Task details »
An unchanged copy of each entry below is needed; keep the pictures out of it.

Input »

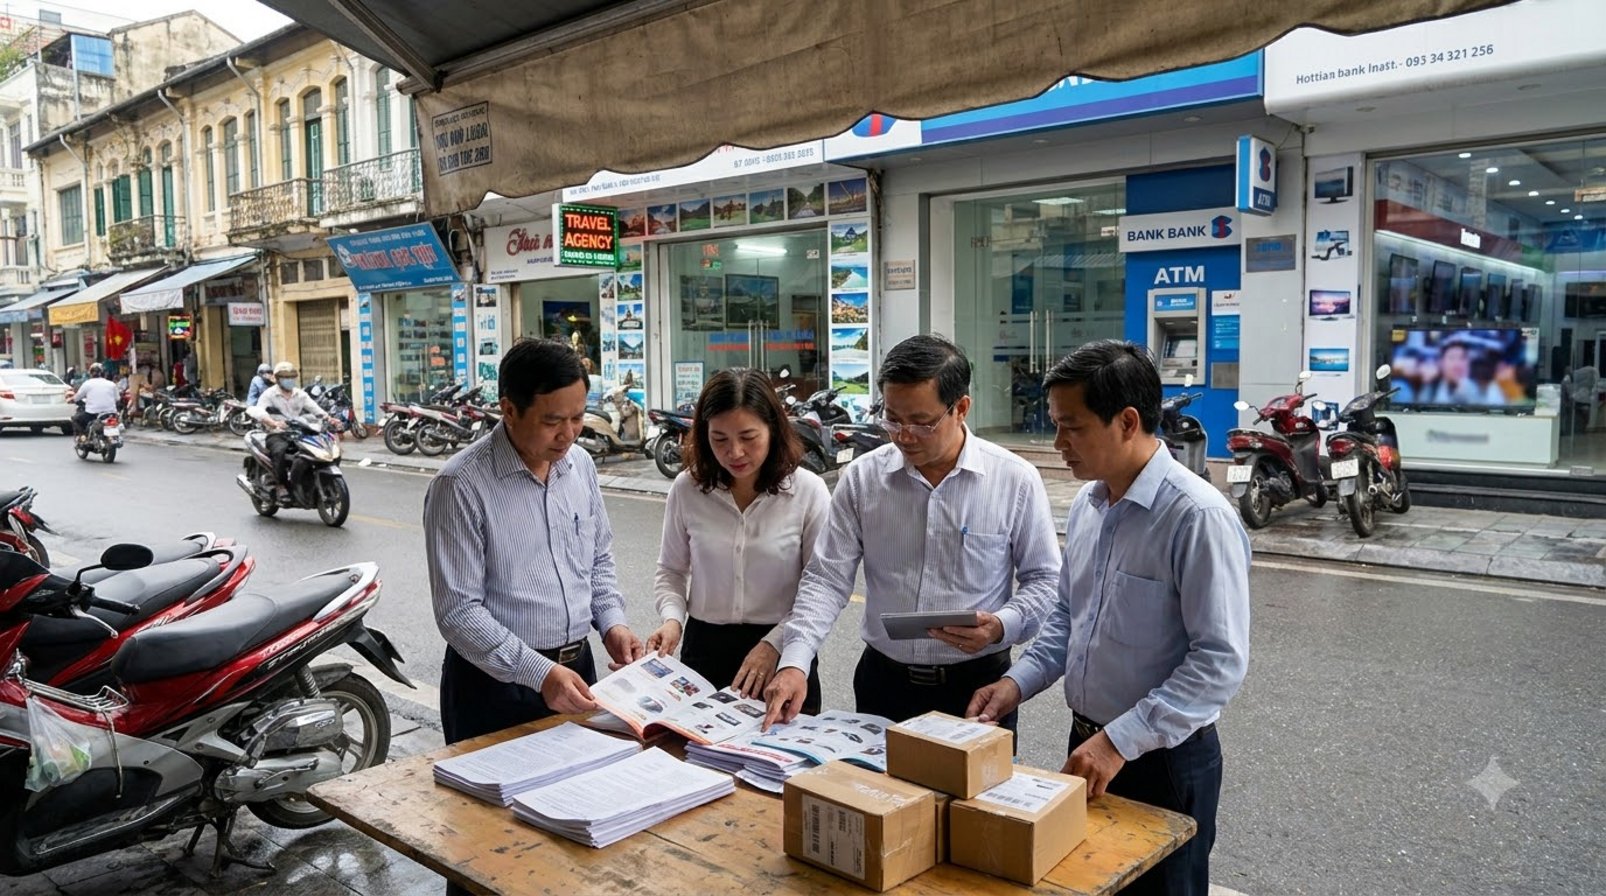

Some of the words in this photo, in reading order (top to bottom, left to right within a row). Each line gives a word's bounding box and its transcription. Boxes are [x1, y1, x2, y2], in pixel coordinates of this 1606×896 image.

[1296, 71, 1336, 85] Hottian
[1338, 65, 1365, 78] bank
[1430, 52, 1444, 64] 34
[1446, 48, 1467, 62] 321
[1471, 43, 1494, 57] 256
[565, 213, 611, 231] TRAVEL
[564, 232, 613, 250] AGENCY
[1127, 229, 1165, 242] BANK
[1168, 225, 1207, 240] BANK
[1153, 265, 1205, 284] ATM

Solution to this task »
Some of the words in this photo, in reading order (top to bottom, left to right within a row). Each line gives a word's bounding box and its transcription. Boxes are [x1, y1, x2, y2], in pixel coordinates of this 1606×896 image.

[1296, 71, 1336, 85] Hottian
[1338, 65, 1365, 78] bank
[1430, 52, 1444, 64] 34
[1446, 48, 1467, 62] 321
[1471, 43, 1494, 57] 256
[565, 213, 611, 231] TRAVEL
[564, 232, 613, 250] AGENCY
[1127, 229, 1165, 242] BANK
[1168, 225, 1207, 240] BANK
[1153, 265, 1205, 284] ATM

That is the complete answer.